To better understand how the excessive use of abbreviations can sometimes be confusing and alienating, take a look at this imaginary scenario and count how many research-specific terms and abbreviations you can identify.
A DB, phase II clinical trial is initiated to evaluate the efficacy of a novel drug for the treatment of high blood pressure. An SIV is conducted at which time the CRA meets with the PI and SC at one of the sites involved in this study. Afterward, the site is approved to commence the study.
The blinded CRC recruits several patients based on the I/E criteria in the protocol. These patients are randomized into treatment and control groups. During this trial, one of the patients in the treatment group develops a stroke. The PI recognizes this as an SAE and immediately reports it to the sponsor and the IRB. A CCRC submits all the necessary data into the SD and then into the EDC.
At the end of the month, a CRA representing the CRO overseeing the study comes for a site visit and reviews the reg. binders as well as the CRFs in the EDC and completes an SDV. During her monthly monitoring visit, the CRA finds that all the information is accurate and up-to-date and complies with GCP and the CFR.

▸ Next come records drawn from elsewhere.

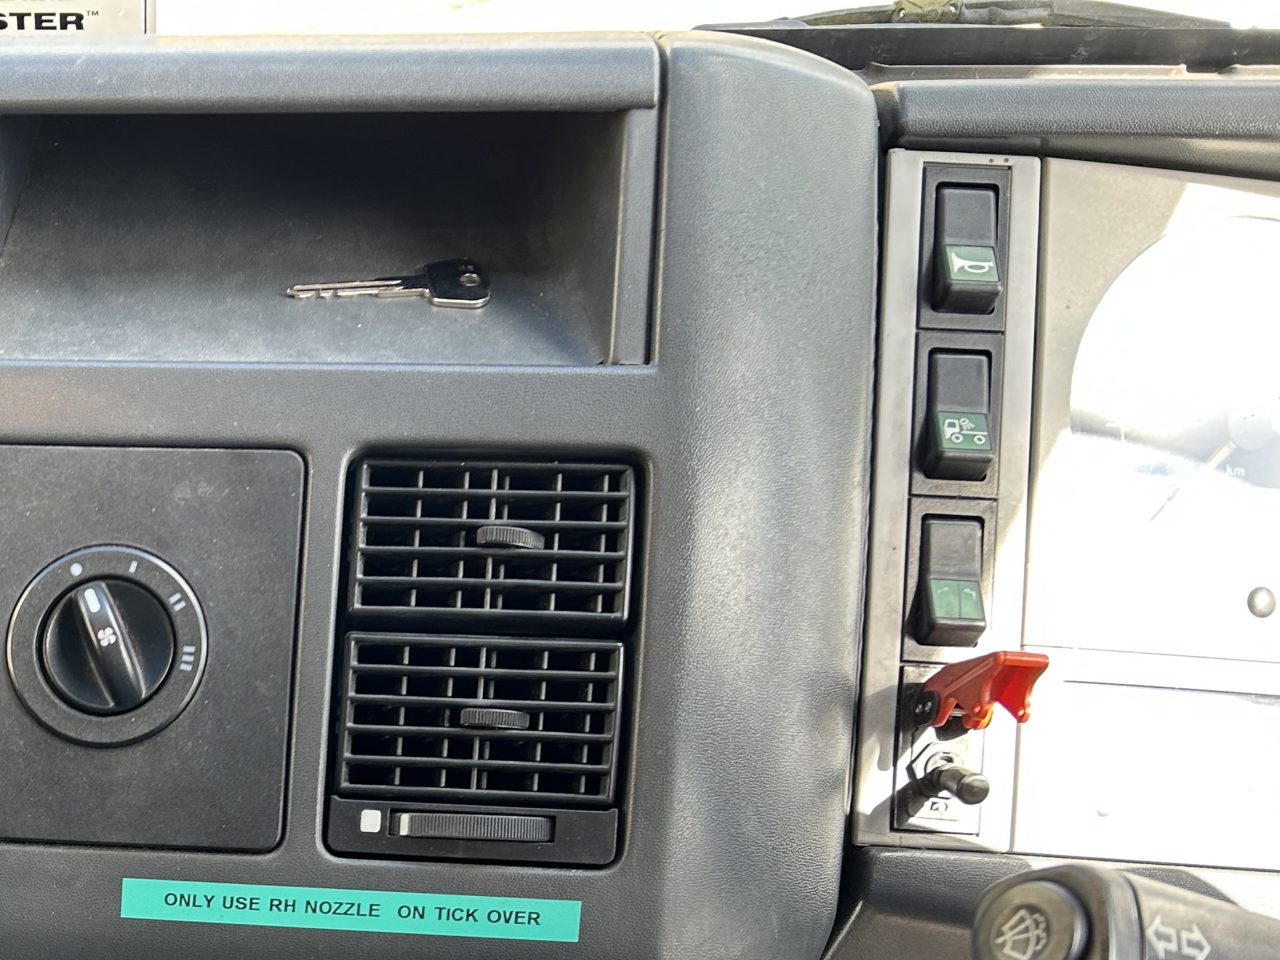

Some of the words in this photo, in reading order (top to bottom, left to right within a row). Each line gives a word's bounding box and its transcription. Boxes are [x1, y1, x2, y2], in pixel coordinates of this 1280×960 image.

[1225, 465, 1246, 477] km
[164, 892, 216, 909] ONLY
[222, 895, 261, 911] USE
[269, 898, 296, 913] RH
[304, 900, 381, 918] NOZZLE
[397, 905, 426, 920] ON
[435, 907, 479, 923] TICK
[486, 909, 541, 926] OVER

Commonly used clinical trial terms and abbreviations
Confused yet? Here is an explanation of some of the widely used terms and abbreviations, including those mentioned in our imaginary scenario, in alphabetical order:
• ADE – Adverse Drug Event/Adverse Drug Effect: An adverse drug event is any unintended reaction to a drug taken at doses normally used in humans.
• AE – Adverse Event: An adverse event is any negative experience during the course of a clinical trial. It can include new symptoms or the exacerbation of a pre-existing condition and may or may not have a causal relationship with the study drug.

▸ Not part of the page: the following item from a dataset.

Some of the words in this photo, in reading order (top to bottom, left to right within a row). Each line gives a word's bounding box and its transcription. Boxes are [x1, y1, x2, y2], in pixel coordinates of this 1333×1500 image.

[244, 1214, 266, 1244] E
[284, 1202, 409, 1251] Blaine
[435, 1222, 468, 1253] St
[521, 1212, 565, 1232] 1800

• AESI – Adverse Event of Special Interest: A specific adverse event that the study sponsor has a particular interest in, such as a known side effect of the study drug, is referred to as an Adverse Event of Special Interest. An AESI must be quickly communicated to the sponsor, often within 24 hours.
• Blinding/Masking: Blinding or masking is a procedure in which one or more parties involved in the trial are unaware of the treatment assignment.
• CBER – Centre for Biologics Evaluation and Research: The CBER is a division of the FDA that regulates biological products for human use.
• CCRC – Certified Clinical Research Coordinator: A CCRC is a research coordinator with more than two years of clinical research experience and with certification earned by passing a required program and exam.
• CDA – Confidential Disclosure Agreement (or Confidentiality Agreement): An agreement that the investigator signs in the early phases of site selection before any study information is shared with the site. A CDA states that the investigator and the site staff understand that the study information is confidential and will not share it with unauthorized persons.
• CDER – Centre for Drug Evaluation and Research: The CDER is a division of the FDA that is in charge of overseeing the approval of a new drug.
• CFR – Code of Federal Regulations: The CFR is a set of rules and regulations published in the federal register by the government of the United States.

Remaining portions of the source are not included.